DATA IN THIS EXERCISE -

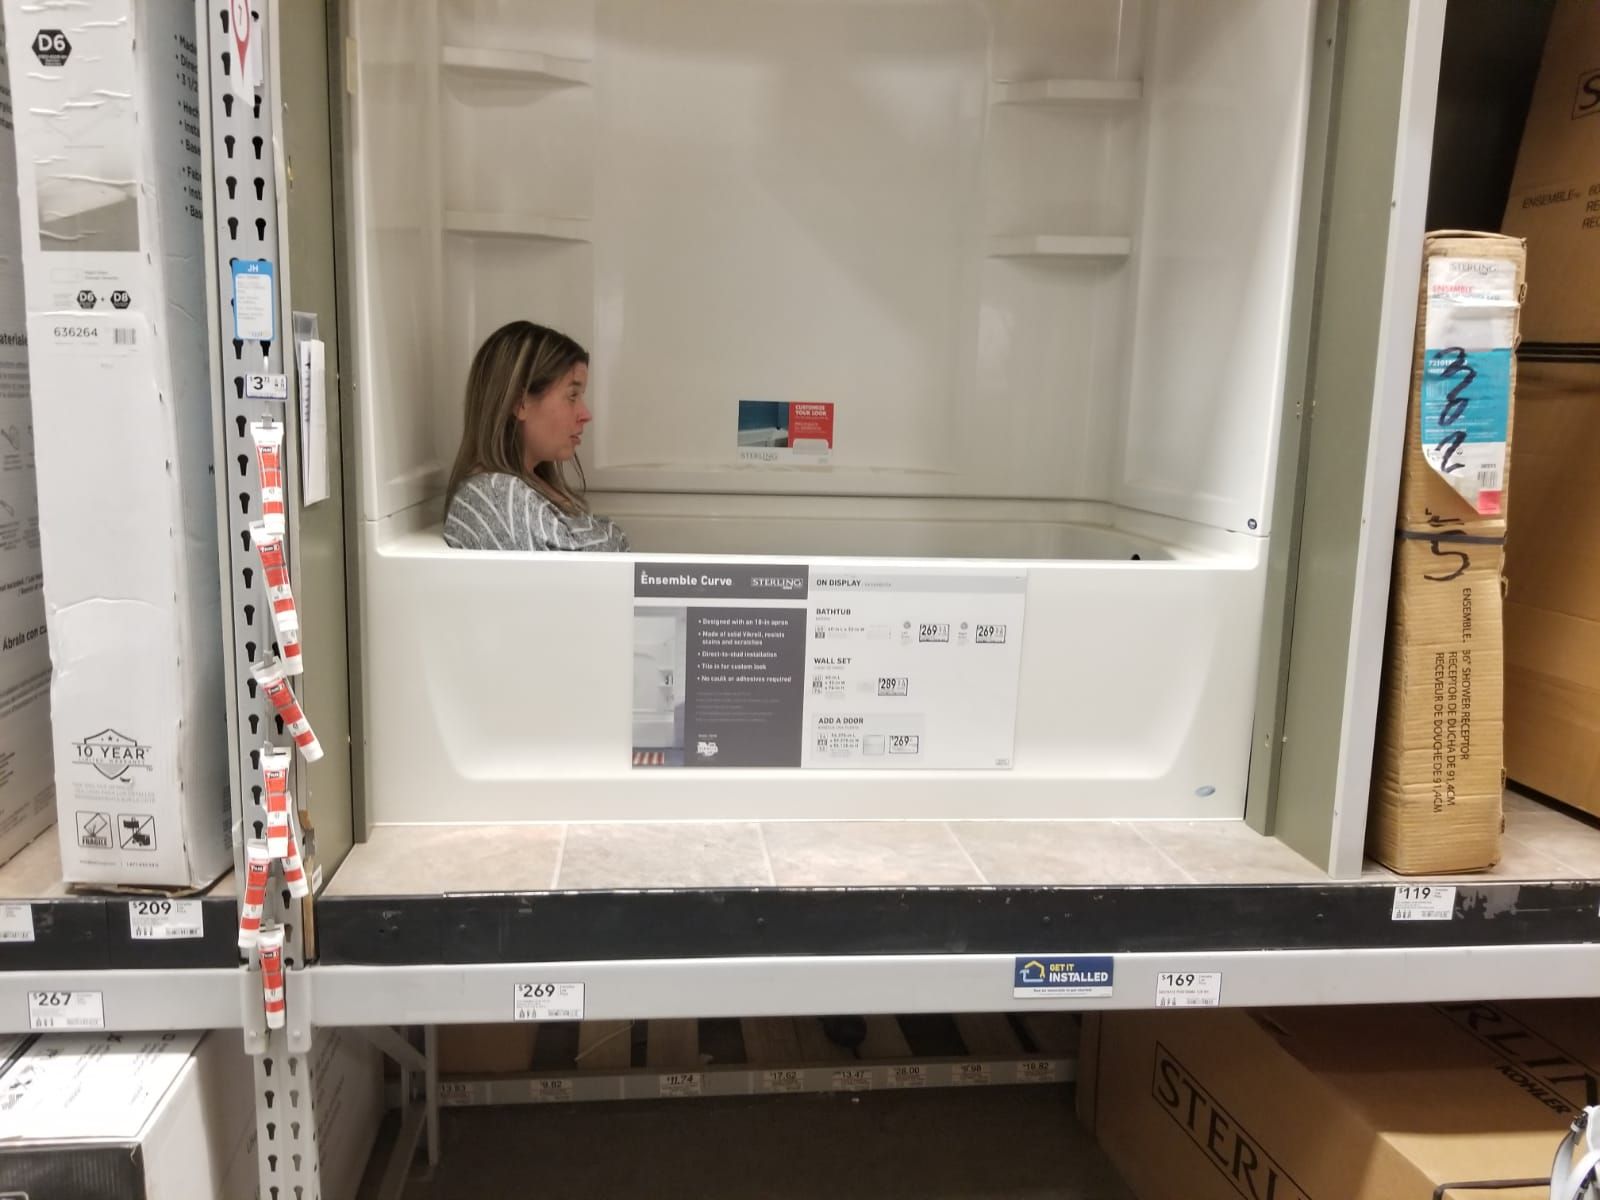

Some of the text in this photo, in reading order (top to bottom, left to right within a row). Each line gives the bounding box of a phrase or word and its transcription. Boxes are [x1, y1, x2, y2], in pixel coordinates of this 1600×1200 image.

[38, 33, 65, 51] D6
[247, 264, 259, 272] JH
[54, 327, 98, 338] 636264
[640, 573, 802, 588] Ensemble Curve STERLING
[816, 579, 828, 587] ON
[829, 579, 862, 587] DISPLAY
[816, 608, 851, 616] BATHTUB
[702, 617, 730, 626] Designed
[702, 630, 719, 638] Made
[813, 657, 852, 665] WALL SET
[1434, 652, 1445, 704] RECEVEUR
[1447, 651, 1458, 704] RECEPTOR
[1460, 665, 1472, 711] SHOWER
[1434, 705, 1444, 717] DE
[1447, 705, 1457, 717] DE
[818, 717, 864, 725] ADD A DOOR
[1433, 719, 1443, 762] DOUCHE
[1447, 718, 1457, 754] DUCHA
[1459, 711, 1471, 761] RECEPTOR
[77, 745, 145, 760] 10 YEAR
[1433, 763, 1443, 776] DE
[1446, 756, 1456, 771] DE
[82, 838, 108, 847] FRAGILE
[1050, 963, 1075, 972] GET IT
[1049, 972, 1108, 983] INSTALLED
[1161, 974, 1195, 987] $169
[1495, 1064, 1572, 1114] KOHLER

ACTION ITEM - A verbatim transcript of the material above, with images dropped, is the expected output.

PROBLEM SOLUTION -
Some of the text in this photo, in reading order (top to bottom, left to right within a row). Each line gives the bounding box of a phrase or word and its transcription. Boxes are [x1, y1, x2, y2], in pixel coordinates of this 1600×1200 image.

[38, 33, 65, 51] D6
[247, 264, 259, 272] JH
[54, 327, 98, 338] 636264
[640, 573, 802, 588] Ensemble Curve STERLING
[816, 579, 828, 587] ON
[829, 579, 862, 587] DISPLAY
[816, 608, 851, 616] BATHTUB
[702, 617, 730, 626] Designed
[702, 630, 719, 638] Made
[813, 657, 852, 665] WALL SET
[1434, 652, 1445, 704] RECEVEUR
[1447, 651, 1458, 704] RECEPTOR
[1460, 665, 1472, 711] SHOWER
[1434, 705, 1444, 717] DE
[1447, 705, 1457, 717] DE
[818, 717, 864, 725] ADD A DOOR
[1433, 719, 1443, 762] DOUCHE
[1447, 718, 1457, 754] DUCHA
[1459, 711, 1471, 761] RECEPTOR
[77, 745, 145, 760] 10 YEAR
[1433, 763, 1443, 776] DE
[1446, 756, 1456, 771] DE
[82, 838, 108, 847] FRAGILE
[1050, 963, 1075, 972] GET IT
[1049, 972, 1108, 983] INSTALLED
[1161, 974, 1195, 987] $169
[1495, 1064, 1572, 1114] KOHLER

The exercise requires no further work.